> TASK DESCRIPTION: Set down each entry exactly; omit images.

> MATERIAL TO PROCESS:
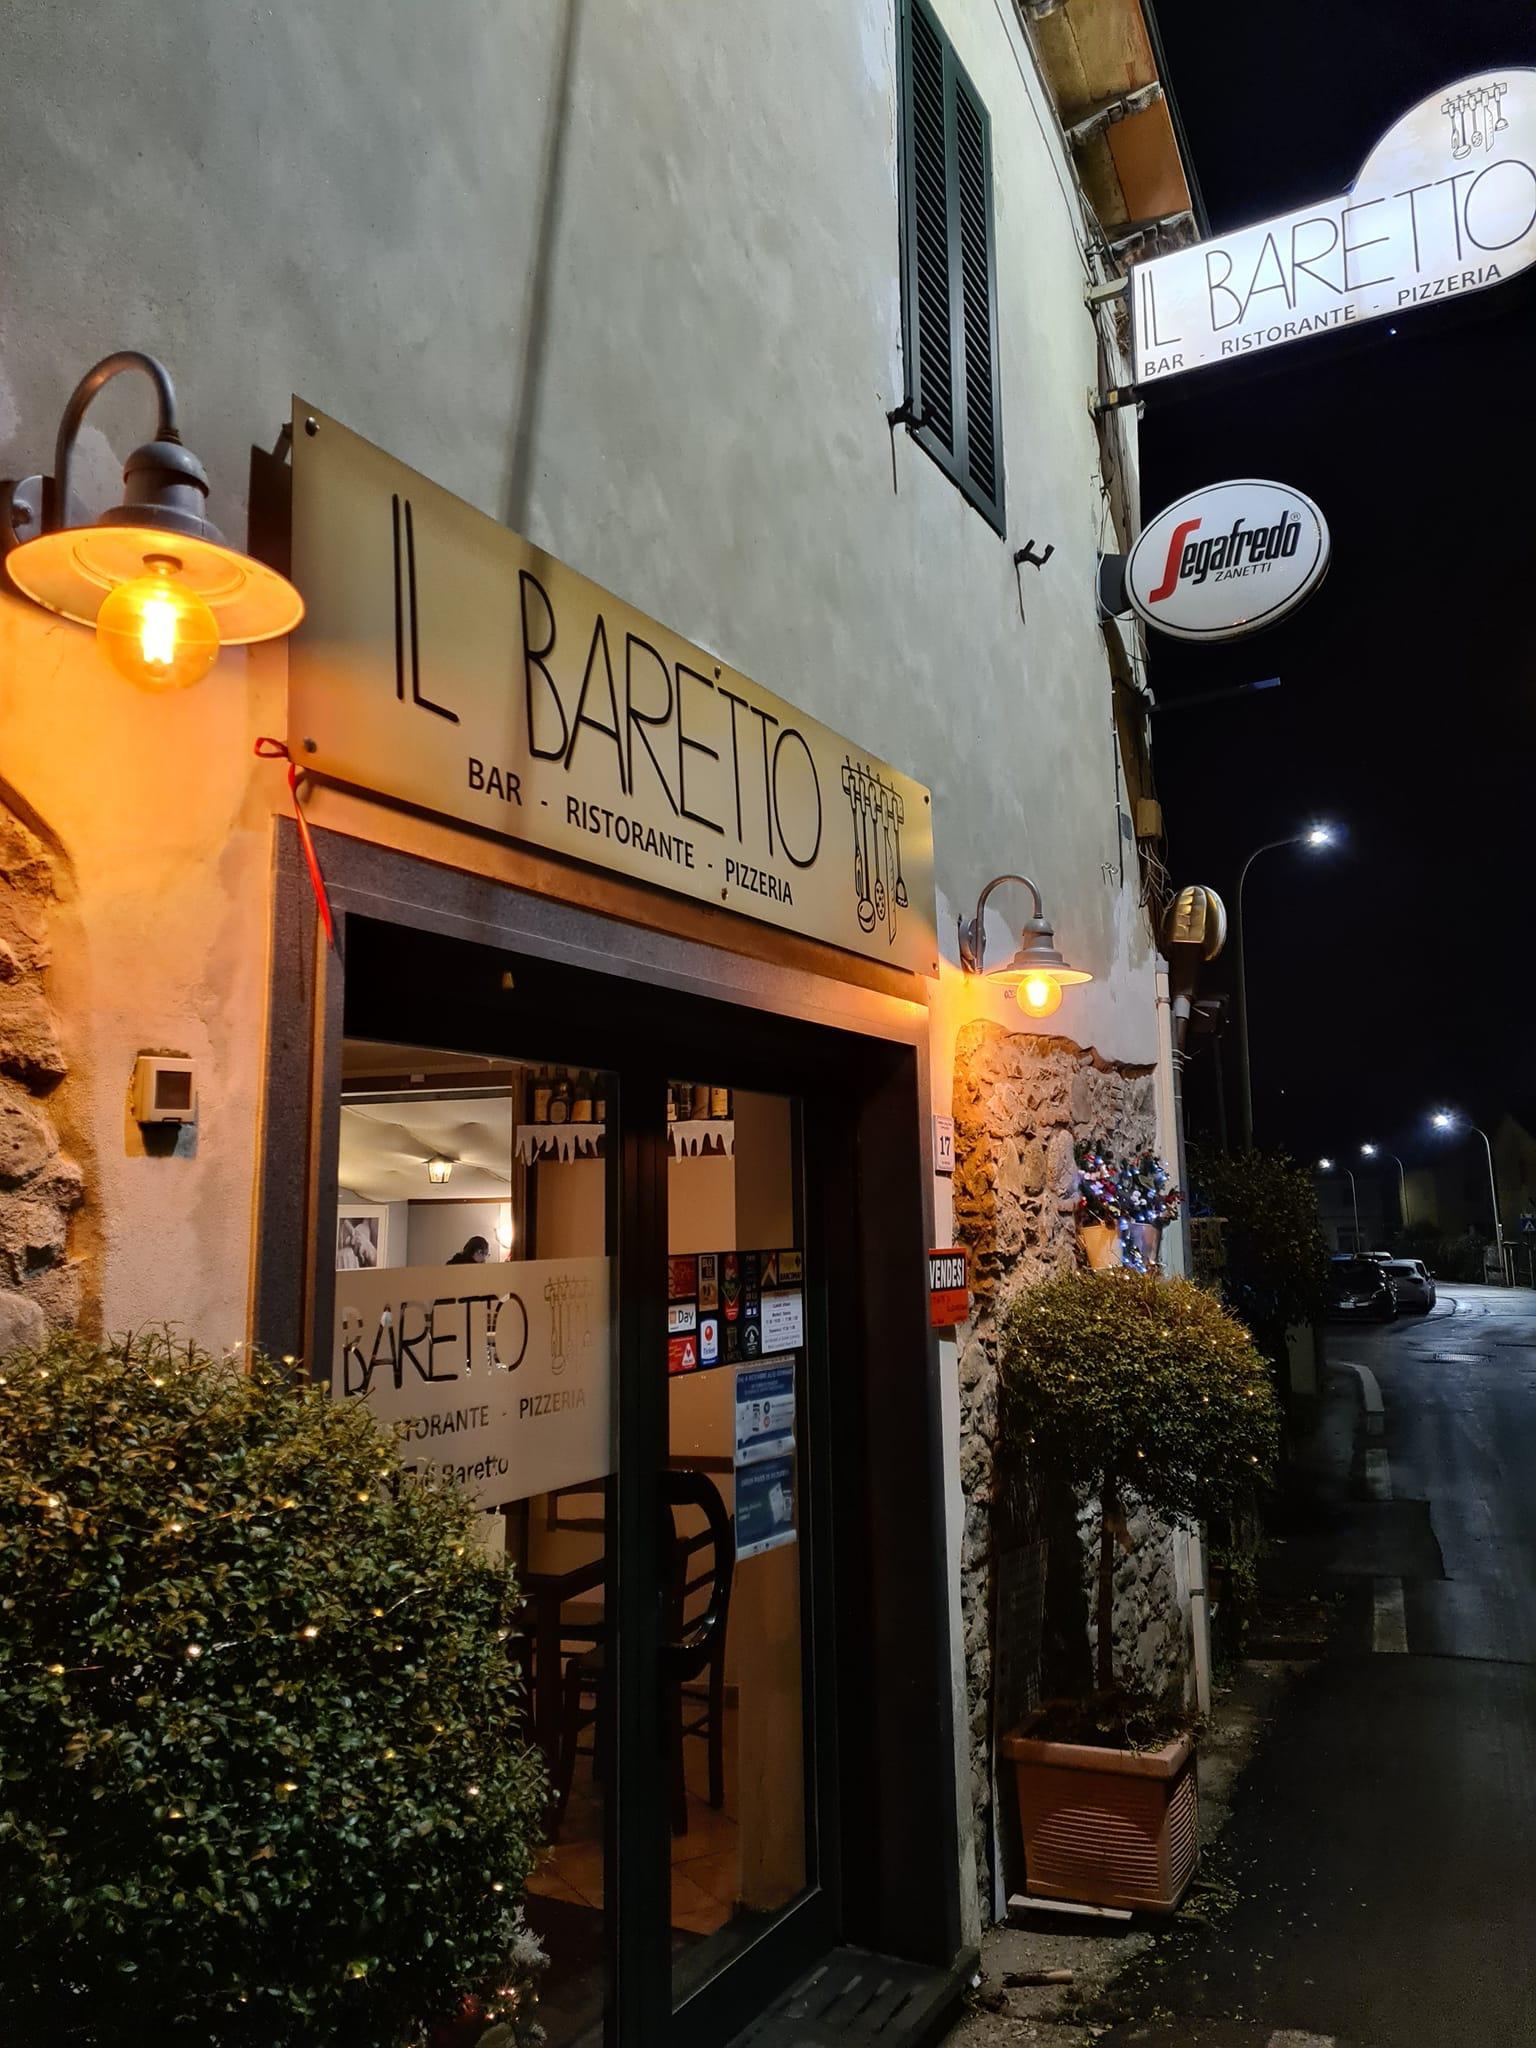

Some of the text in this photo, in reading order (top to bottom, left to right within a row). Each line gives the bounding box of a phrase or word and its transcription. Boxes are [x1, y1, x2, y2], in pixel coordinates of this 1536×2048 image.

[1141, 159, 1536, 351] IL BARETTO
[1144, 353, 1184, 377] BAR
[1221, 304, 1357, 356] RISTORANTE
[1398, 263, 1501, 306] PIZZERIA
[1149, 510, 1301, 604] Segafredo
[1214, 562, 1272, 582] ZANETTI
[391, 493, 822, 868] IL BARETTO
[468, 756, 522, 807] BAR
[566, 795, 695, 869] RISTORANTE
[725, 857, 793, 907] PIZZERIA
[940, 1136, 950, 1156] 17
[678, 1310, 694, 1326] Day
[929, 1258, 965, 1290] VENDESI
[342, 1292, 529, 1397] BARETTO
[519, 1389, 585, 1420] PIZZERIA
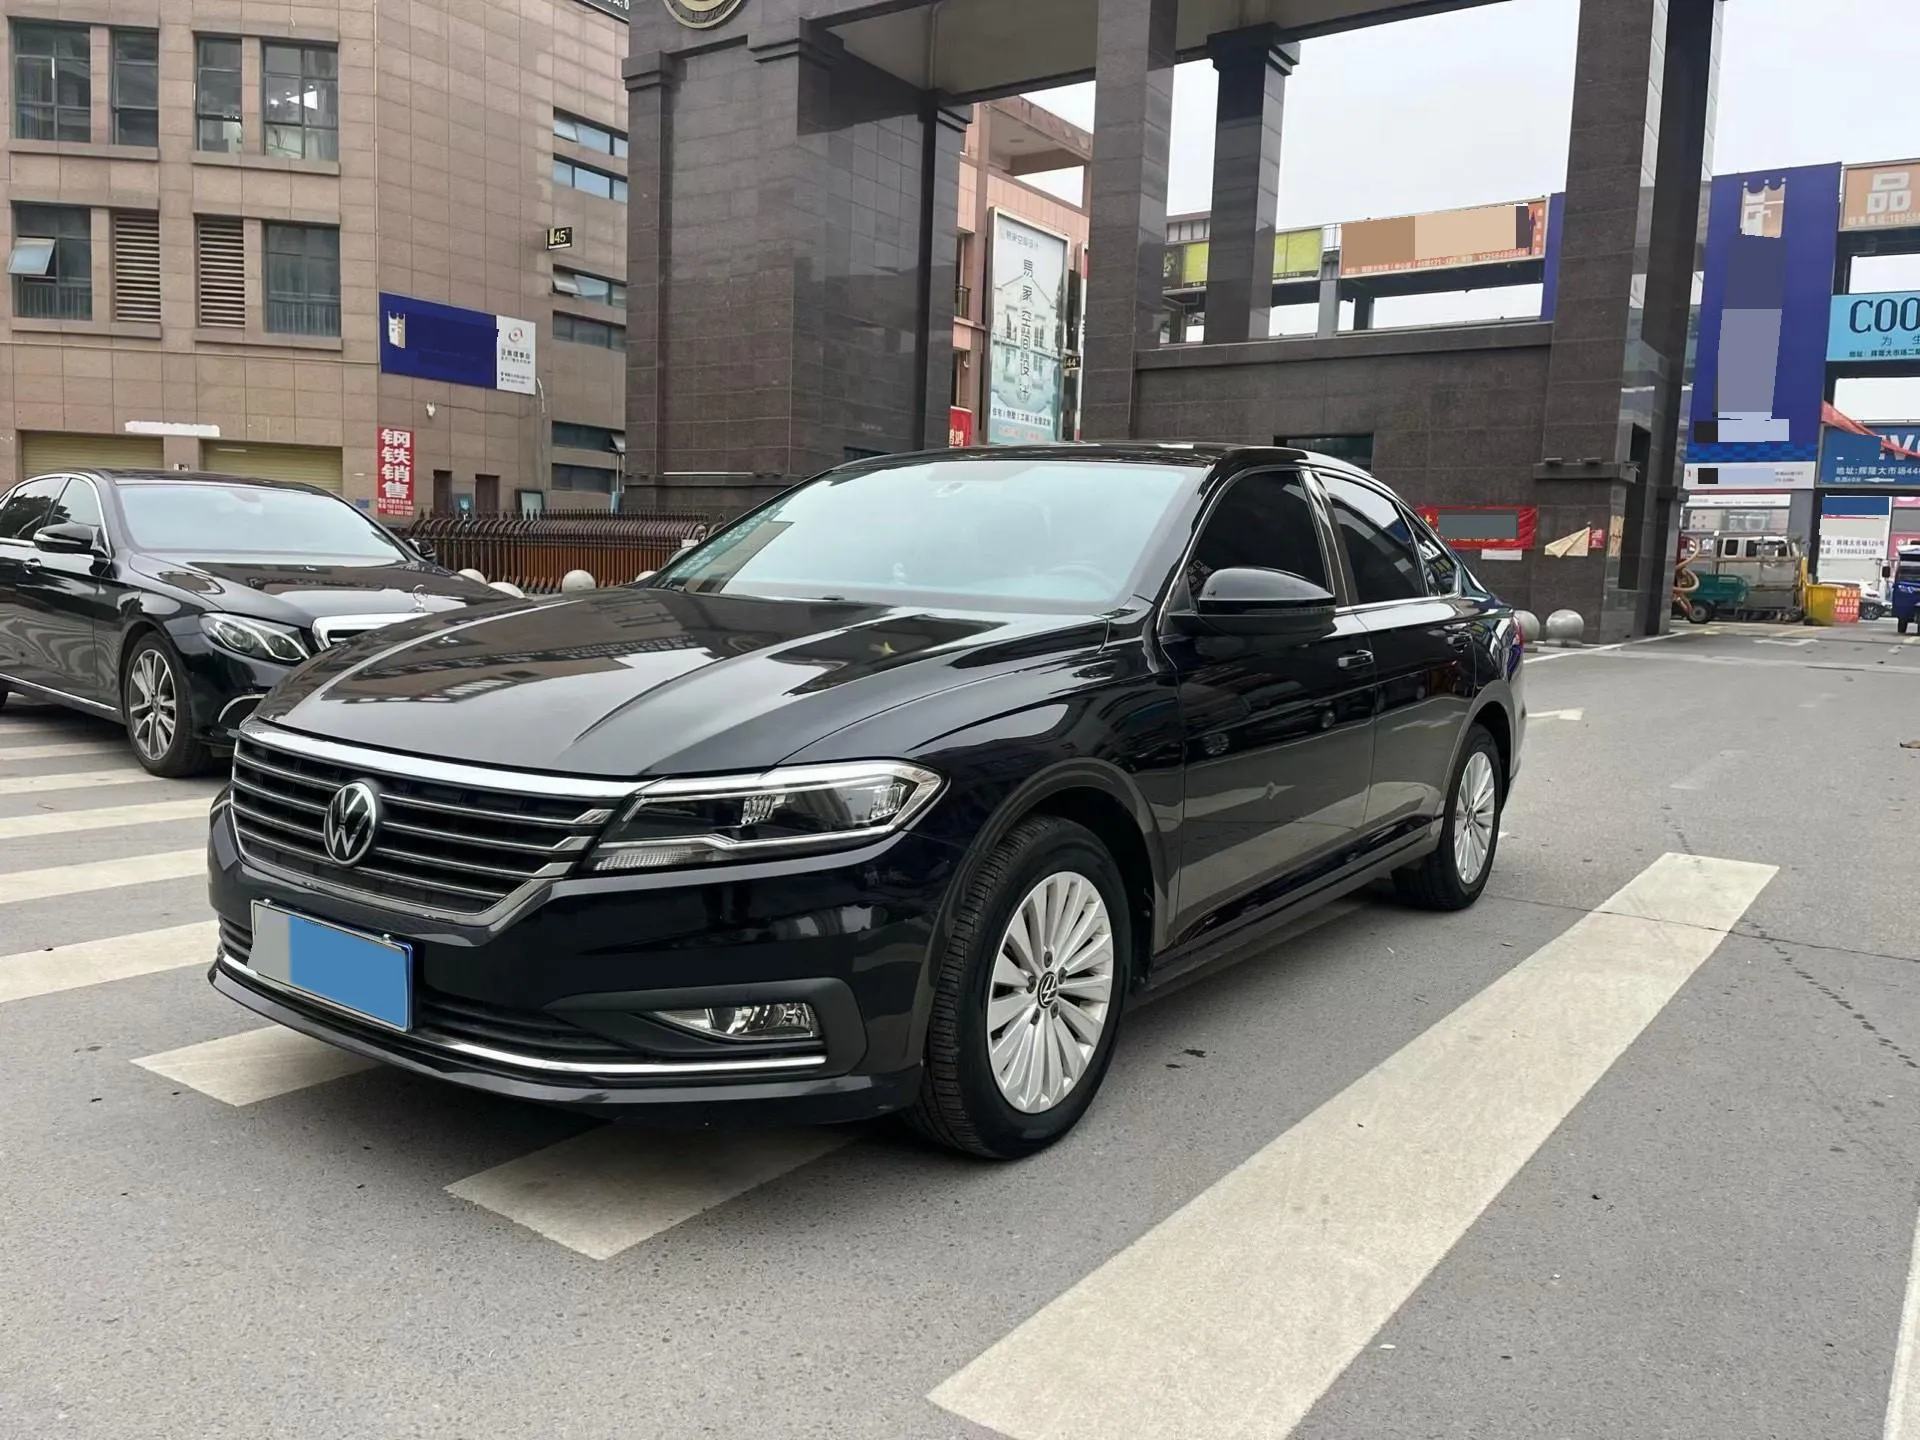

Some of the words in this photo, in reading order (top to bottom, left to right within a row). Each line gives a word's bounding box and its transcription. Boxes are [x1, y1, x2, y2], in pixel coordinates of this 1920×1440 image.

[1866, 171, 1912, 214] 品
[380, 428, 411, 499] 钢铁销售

> ANSWER TO THIS EXERCISE:
Some of the text in this photo, in reading order (top to bottom, left to right within a row). Each line gives the bounding box of a phrase or word and its transcription. Boxes are [x1, y1, x2, y2], in pixel coordinates of this 1536×2048 image.

[1141, 159, 1536, 351] IL BARETTO
[1144, 353, 1184, 377] BAR
[1221, 304, 1357, 356] RISTORANTE
[1398, 263, 1501, 306] PIZZERIA
[1149, 510, 1301, 604] Segafredo
[1214, 562, 1272, 582] ZANETTI
[391, 493, 822, 868] IL BARETTO
[468, 756, 522, 807] BAR
[566, 795, 695, 869] RISTORANTE
[725, 857, 793, 907] PIZZERIA
[940, 1136, 950, 1156] 17
[678, 1310, 694, 1326] Day
[929, 1258, 965, 1290] VENDESI
[342, 1292, 529, 1397] BARETTO
[519, 1389, 585, 1420] PIZZERIA

Some of the words in this photo, in reading order (top to bottom, left to right within a row). Each line gives a word's bounding box and its transcription. Boxes are [x1, y1, x2, y2], in pixel coordinates of this 1920×1440 image.

[1866, 171, 1912, 214] 品
[380, 428, 411, 499] 钢铁销售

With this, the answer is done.